Introduction
In this edition of Upgrading to the Next Generation PC, we’re going to be looking at graphics cards and graphics interface technologies.
The Upgrading to the Next Generation PC series is based on the video series of the same name. So if you can’t be bothered reading about it, watch it here. In this article, however, we’ve given a lot more detail than the video.
The GPU or graphical processing unit is the processing chip on a graphics card – the chip that does all the hard work to render, manipulate and display images on your computer screen. The graphics card itself houses the GPU, these days usually under large fans or heatsinks. Also under all that cooling you’ll find memory modules that help the GPU store information for processing. The graphics card also of course has an interface for its connection to the motherboard in the computer, interfaces such as AGP and PCI Express which we will discuss in a moment. In a multi-GPU situation, more than one GPU can be on the one graphics card, or more than one graphics card can be installed in the one system. As you’re probably aware, there are two main GPU manufacturers, NVIDIA and ATI (now owned by AMD).
Removing an Old Graphics Card 
In the PC we’re upgrading in this series, there’s an old AGP 8X graphics card. To remove a graphics card from a system, unplug the power (if there is a power cord going to it). Also check to see if there is a little security clip interface on the back of the AGP or PCI Express slot on the motherboard. Plus, you’ll need to unscrew or un-clip the back plate that slots into the back of the case. Then simply pull the card out.
AGP versus PCI Express
PCI Express is the current and therefore the “next generation” graphics technology in the context of this series. When we talk about the upgrade, AGP is the old standard that we’ve removed from the PC.
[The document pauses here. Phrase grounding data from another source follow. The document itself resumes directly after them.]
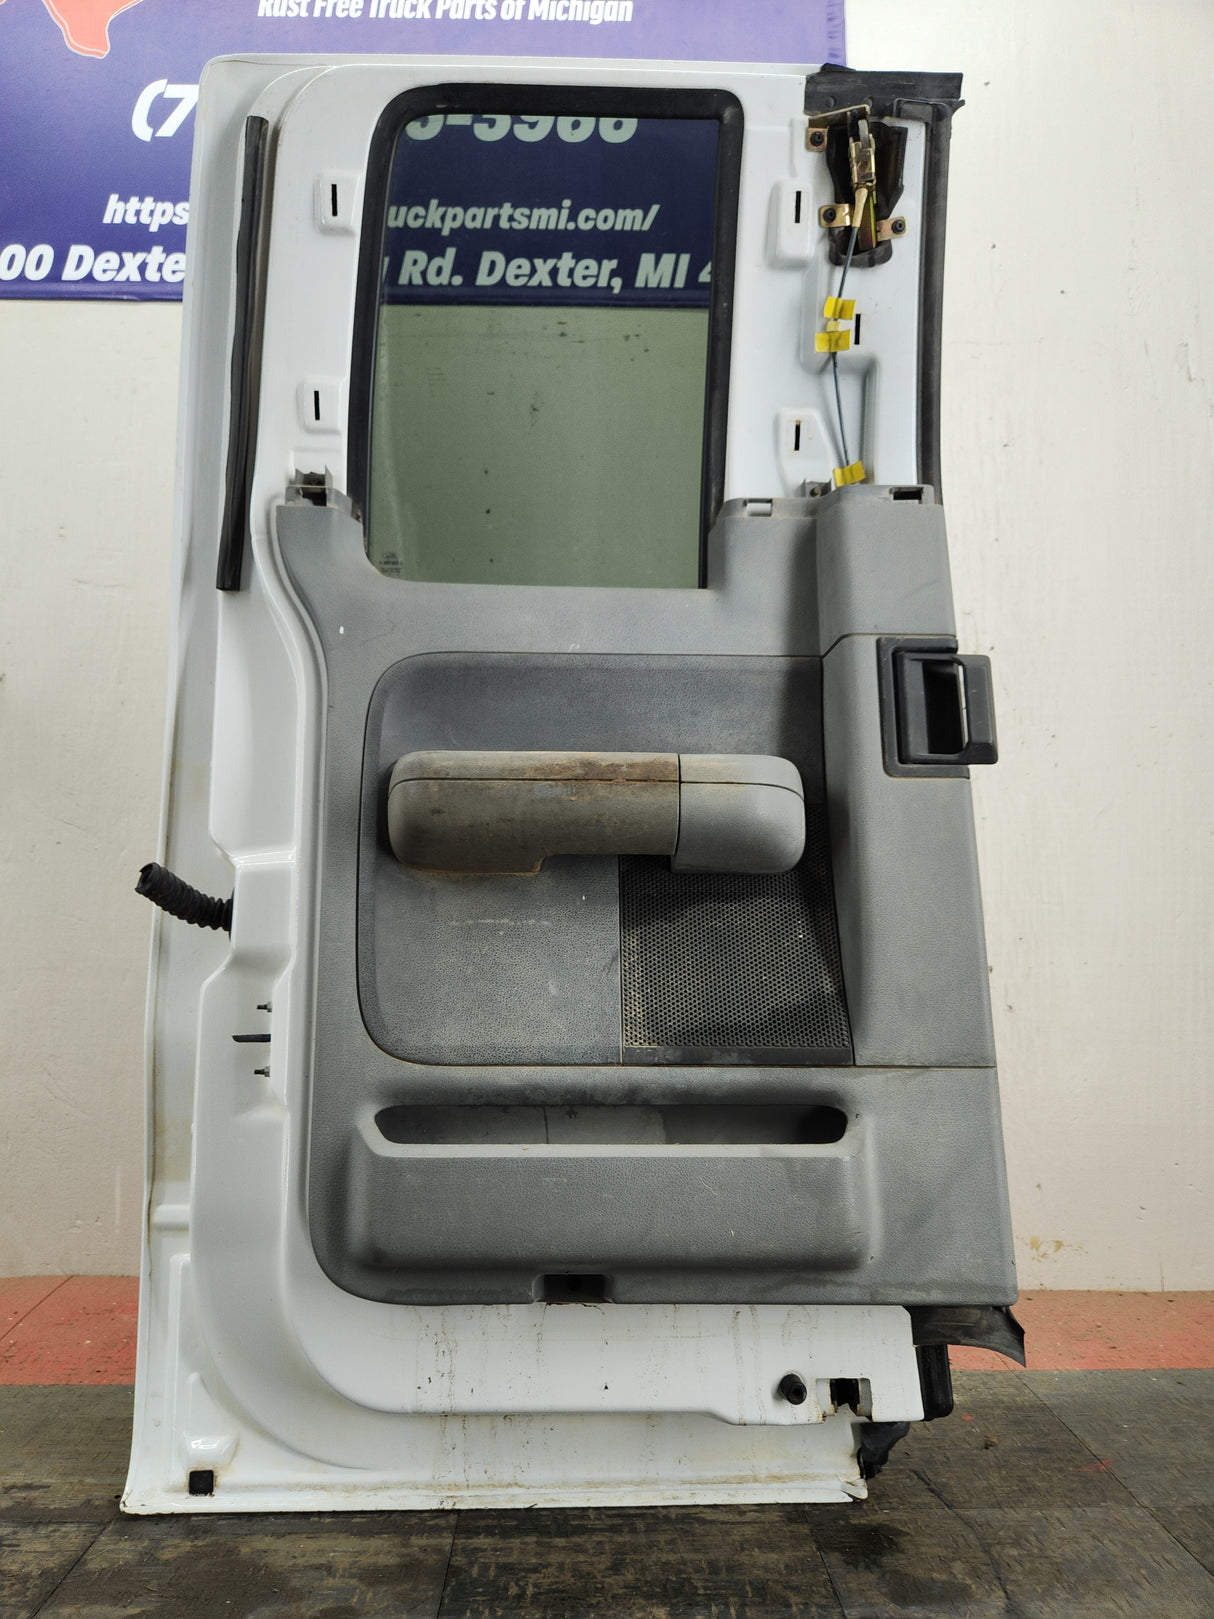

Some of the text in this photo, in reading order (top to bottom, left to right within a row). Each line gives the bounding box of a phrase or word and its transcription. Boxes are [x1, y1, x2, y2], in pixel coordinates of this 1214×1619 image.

[258, 0, 634, 25] Rust Free Truck Parts of Michigan
[102, 193, 190, 232] https
[398, 247, 464, 286] Rd.
[475, 250, 623, 294] Dexter,
[634, 253, 691, 288] MI
If you’re upgrading a PC that is around 5 years old, most likely that it’ll have an AGP card in it. When you go into a shop to upgrade your graphics card most likely you’re not going to be able to. They’ll ask ‘do you have an AGP slot or a PCI Express slot?’ If it’s AGP, there’s not much point in upgrading. It’s not that you can’t get any AGP graphics cards anymore, you can, but they’re usually slower versions than PCI Express graphics cards. They are bottle-necked and the reason they’re bottle-necked is because of the bandwidth available to PCI Express versus AGP.
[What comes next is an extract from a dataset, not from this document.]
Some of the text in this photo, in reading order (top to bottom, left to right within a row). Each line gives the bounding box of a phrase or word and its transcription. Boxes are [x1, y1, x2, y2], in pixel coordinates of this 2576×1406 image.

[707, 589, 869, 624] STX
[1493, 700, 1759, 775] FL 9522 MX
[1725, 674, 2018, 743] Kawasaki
Bandwidth is the amount of data that travels through a particular path, in this case, between the GPU, CPU and RAM.
AGP 8X ended with 2GB/s maximum data transfer rate. PCI Express 2 is 0.5GB/s per lane. On a 16 lane card, that’s a total of 8GB/s. Let’s look at it this way … we’ll convert every 0.5 of a GB into a car. That means that AGP can fit four cars down its single road at the same time. One issue with this is that the road has no individual lanes. Hopefully along the way, the cars don’t end up interfering with each other since there’s nothing to direct them, although they do fit down that single unmarked road. PCI Express, with a 16 lane card, can actually fit 16 cars down its 16 individual lanes. Since all the cars are in their individual lanes, there is no chance that the cars can interfere with each other. So not only do more cars reach the end of the road at the same speed but they do it more efficiently. 
There’s also a physical difference between an AGP card and a PCI Express card. In the photo above you can see an HIS Radeon HD 4850 PCI Express card and on top is the old AGP card. You’ll notice that the actual connector on the AGP card is quite different to the one on the PCI Express card.